* **Entries shown**:
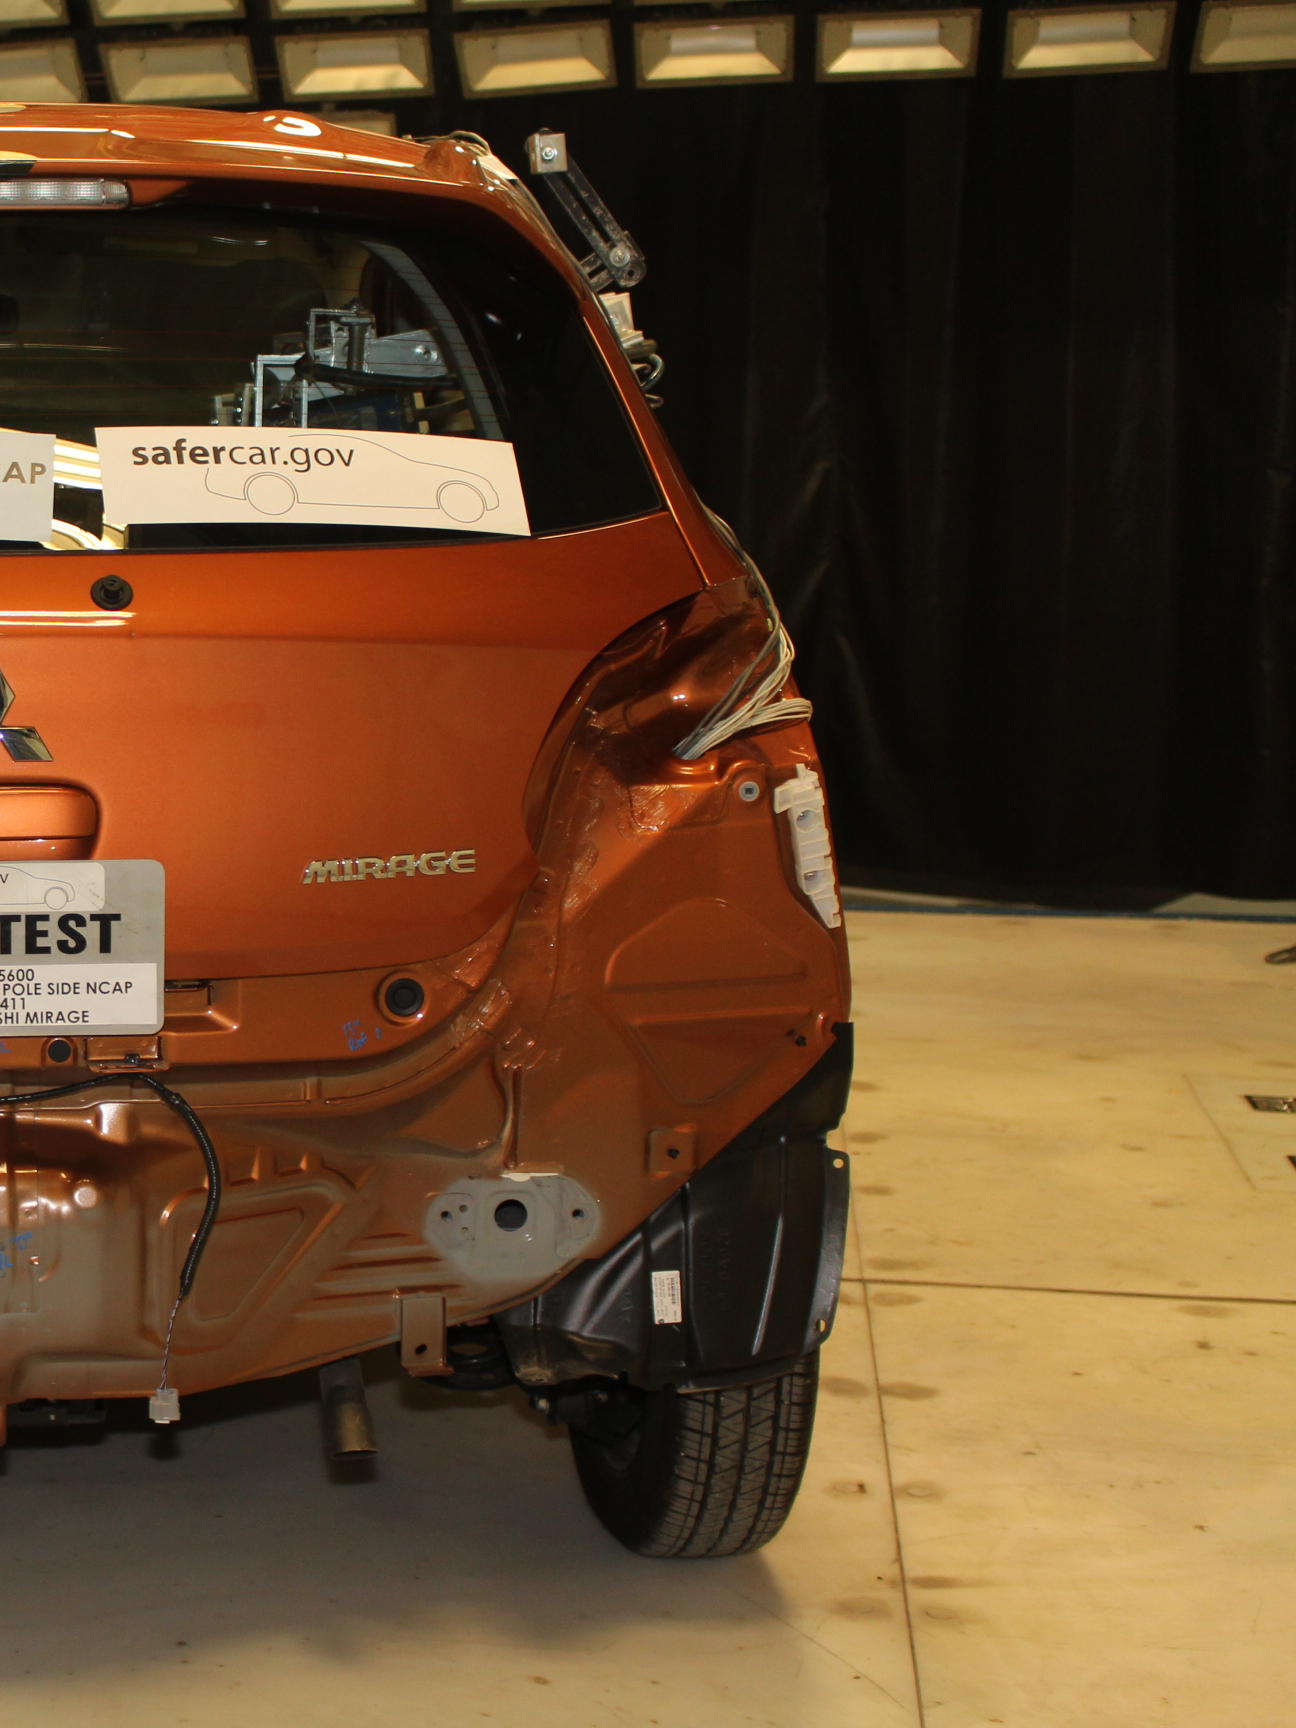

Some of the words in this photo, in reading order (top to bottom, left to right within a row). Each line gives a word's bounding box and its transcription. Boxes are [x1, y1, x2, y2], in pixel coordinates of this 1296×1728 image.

[131, 438, 355, 473] safercar.gov
[302, 848, 476, 885] MIRAGE
[2, 982, 44, 997] POLE
[47, 981, 82, 996] SIDE
[85, 980, 134, 995] NCAP
[24, 1009, 91, 1025] MIRAGE
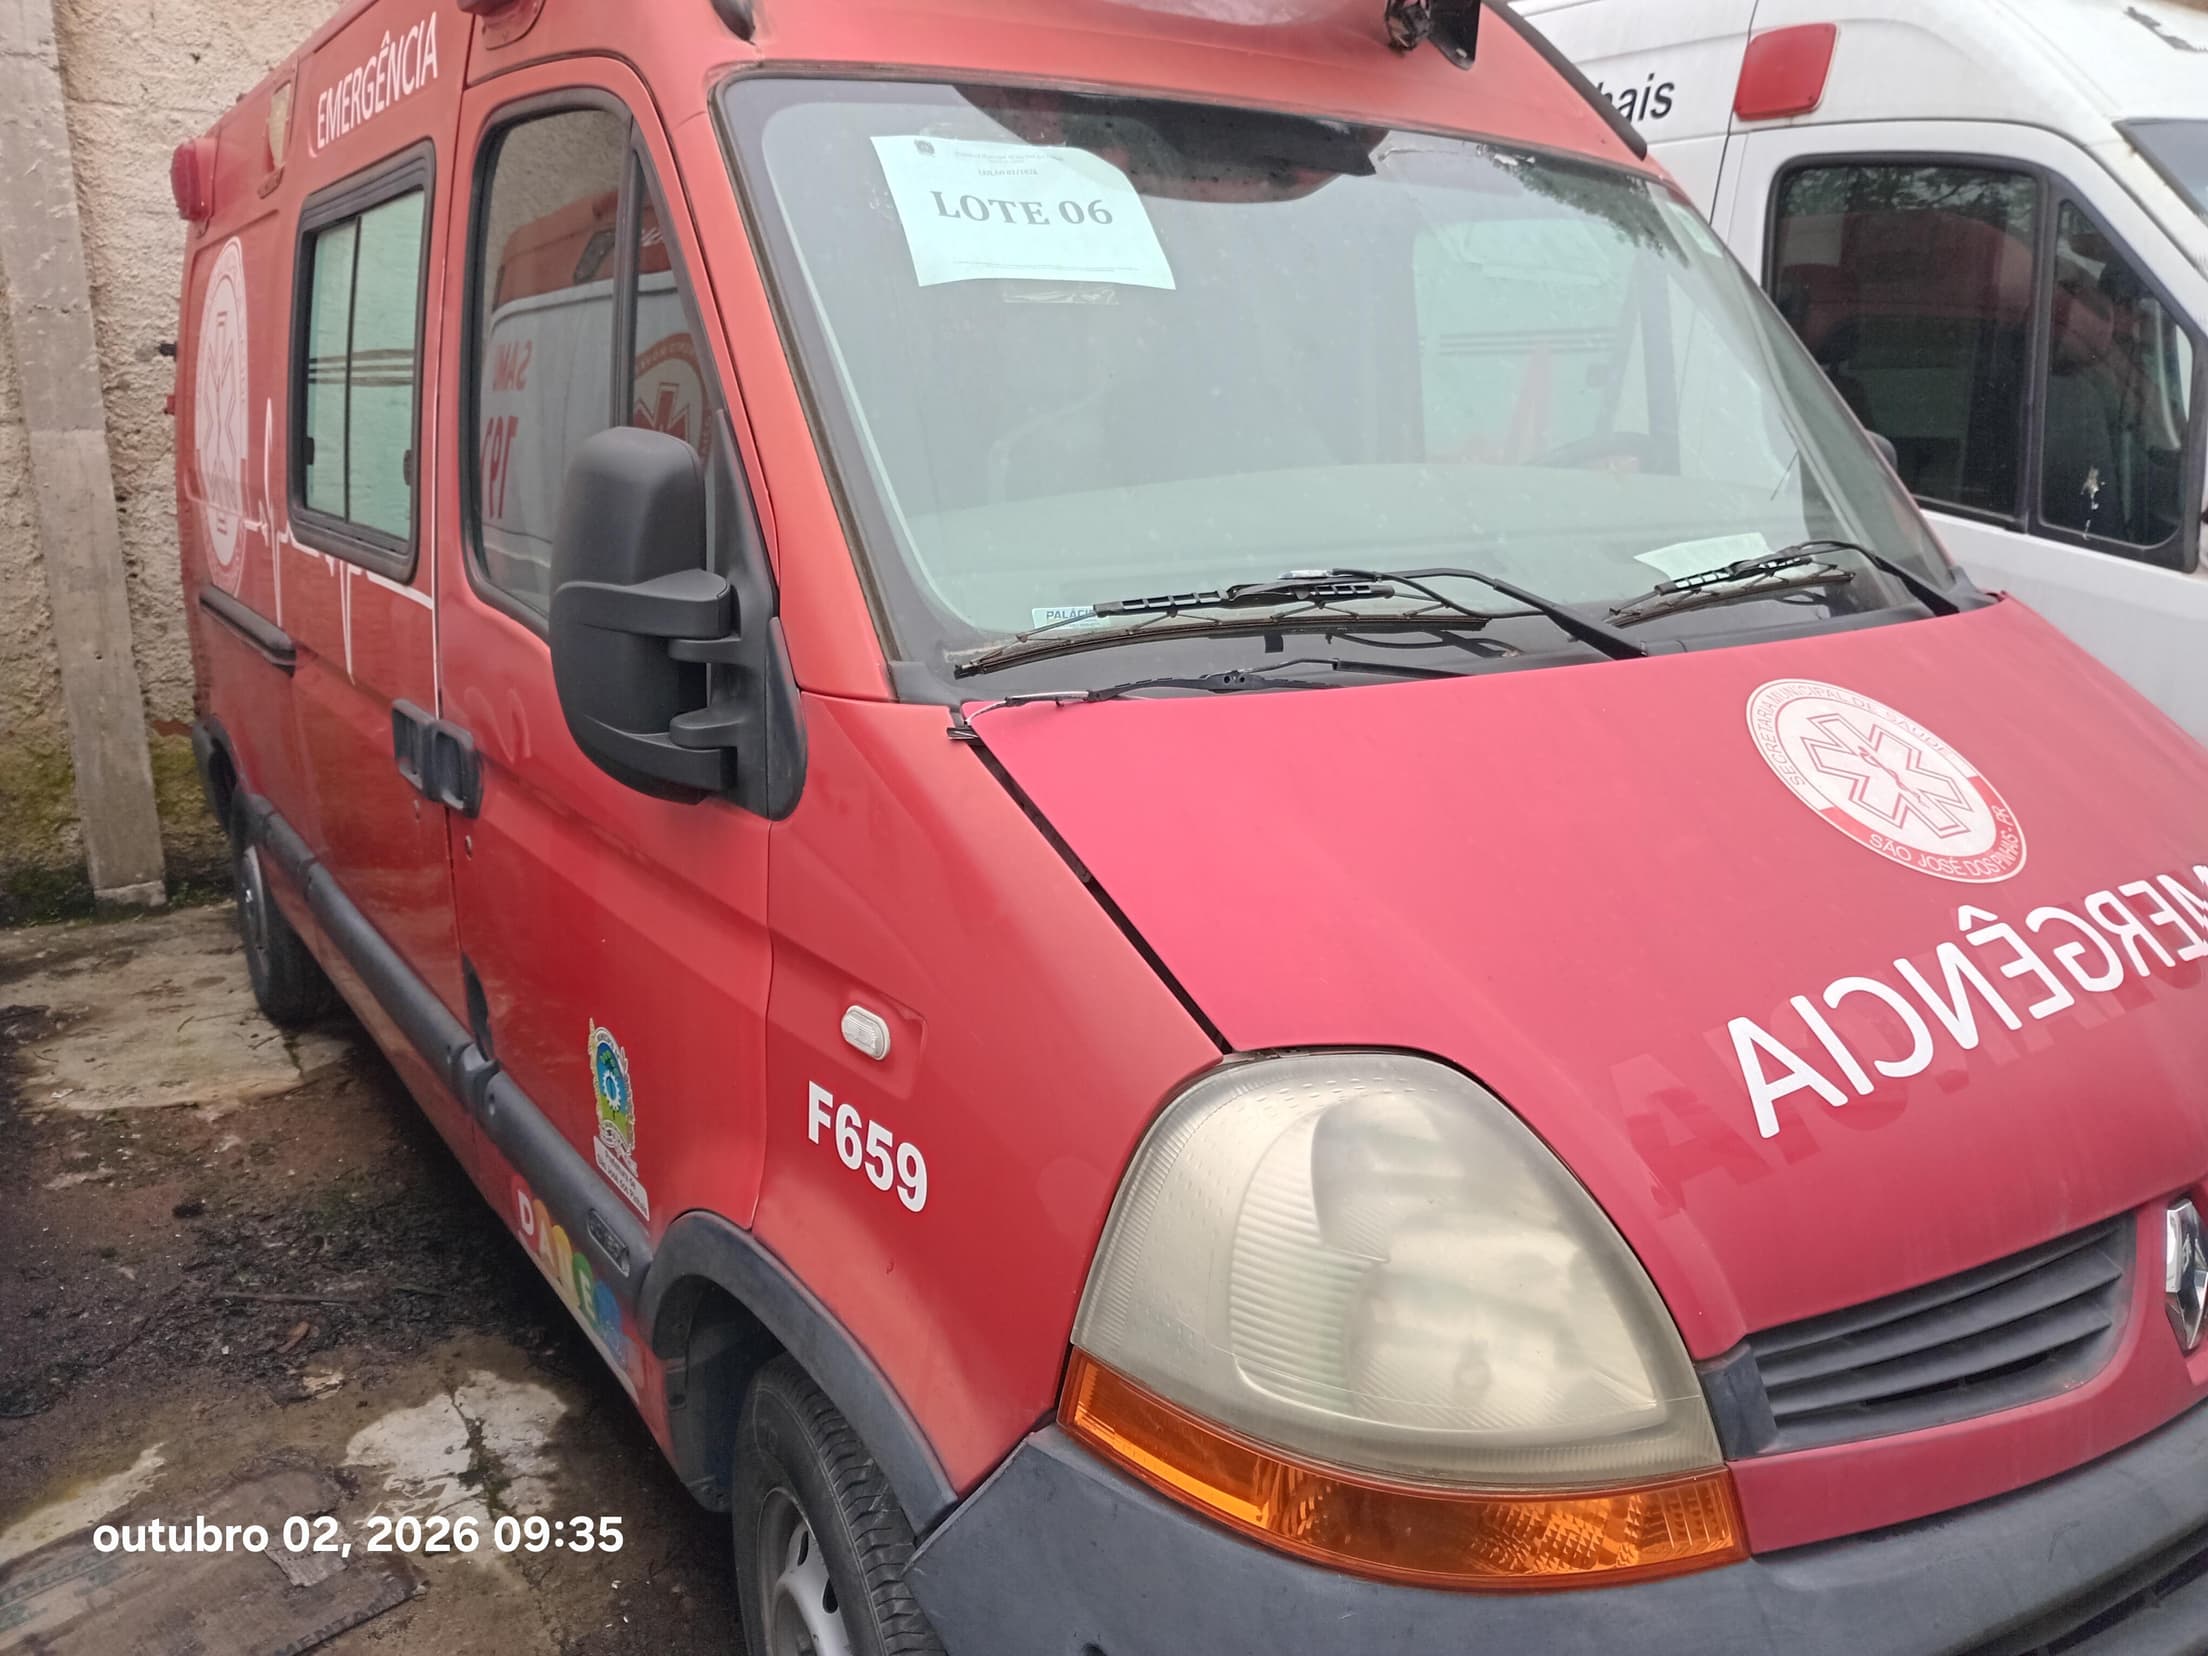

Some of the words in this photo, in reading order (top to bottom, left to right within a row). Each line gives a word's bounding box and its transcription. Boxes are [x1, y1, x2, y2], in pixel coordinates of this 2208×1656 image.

[317, 11, 438, 150] EMERGÊNCIA
[929, 190, 1050, 225] LOTE
[1058, 200, 1113, 225] 06
[1046, 607, 1091, 620] PALÁCI
[1765, 684, 1848, 706] MUNICIPAL
[1756, 700, 1806, 786] SECRETARIA
[1869, 833, 1912, 861] SÃO
[1918, 854, 1968, 876] JOSÉ
[1963, 856, 2000, 876] DOS
[808, 1080, 928, 1212] F659
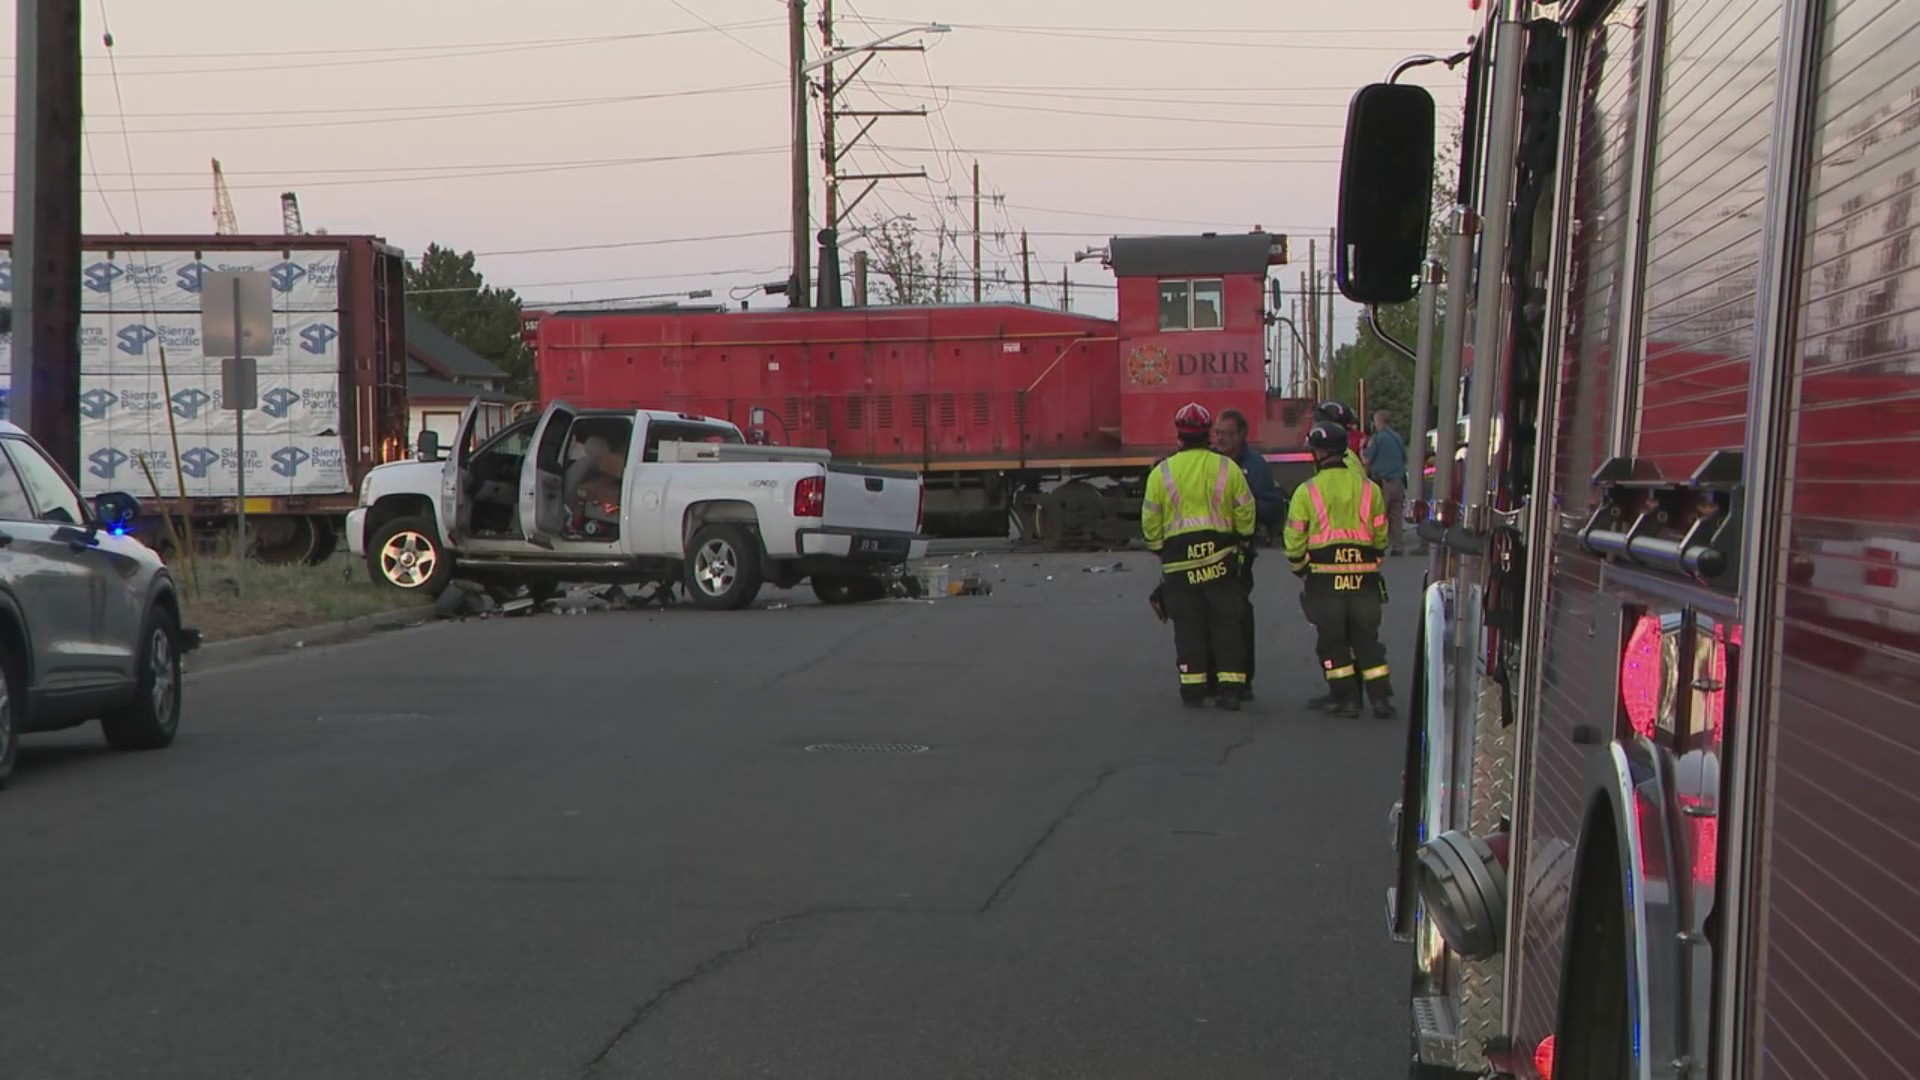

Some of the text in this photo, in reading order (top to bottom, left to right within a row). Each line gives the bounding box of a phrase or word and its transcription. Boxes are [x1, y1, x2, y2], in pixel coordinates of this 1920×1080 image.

* **About this exercise**: Please print the data above once more, exactly as it appears, with no pictures.

* **Result of this task**:
Some of the words in this photo, in reading order (top to bottom, left to right within a row). Each line gives a word's bounding box and its transcription. Boxes are [x1, y1, x2, y2], in pixel coordinates of this 1296×1728 image.

[131, 438, 355, 473] safercar.gov
[302, 848, 476, 885] MIRAGE
[2, 982, 44, 997] POLE
[47, 981, 82, 996] SIDE
[85, 980, 134, 995] NCAP
[24, 1009, 91, 1025] MIRAGE

Some of the words in this photo, in reading order (top to bottom, left to right within a row). Each line gives a word's bounding box and its transcription. Boxes are [x1, y1, x2, y2], in pixel coordinates of this 2208×1656 image.

[317, 11, 438, 150] EMERGÊNCIA
[929, 190, 1050, 225] LOTE
[1058, 200, 1113, 225] 06
[1046, 607, 1091, 620] PALÁCI
[1765, 684, 1848, 706] MUNICIPAL
[1756, 700, 1806, 786] SECRETARIA
[1869, 833, 1912, 861] SÃO
[1918, 854, 1968, 876] JOSÉ
[1963, 856, 2000, 876] DOS
[808, 1080, 928, 1212] F659

Some of the text in this photo, in reading order (top to bottom, left to right within a row). Each line gives the bounding box of a phrase or word and its transcription. Boxes are [x1, y1, x2, y2], in pixel coordinates of this 1920×1080 image.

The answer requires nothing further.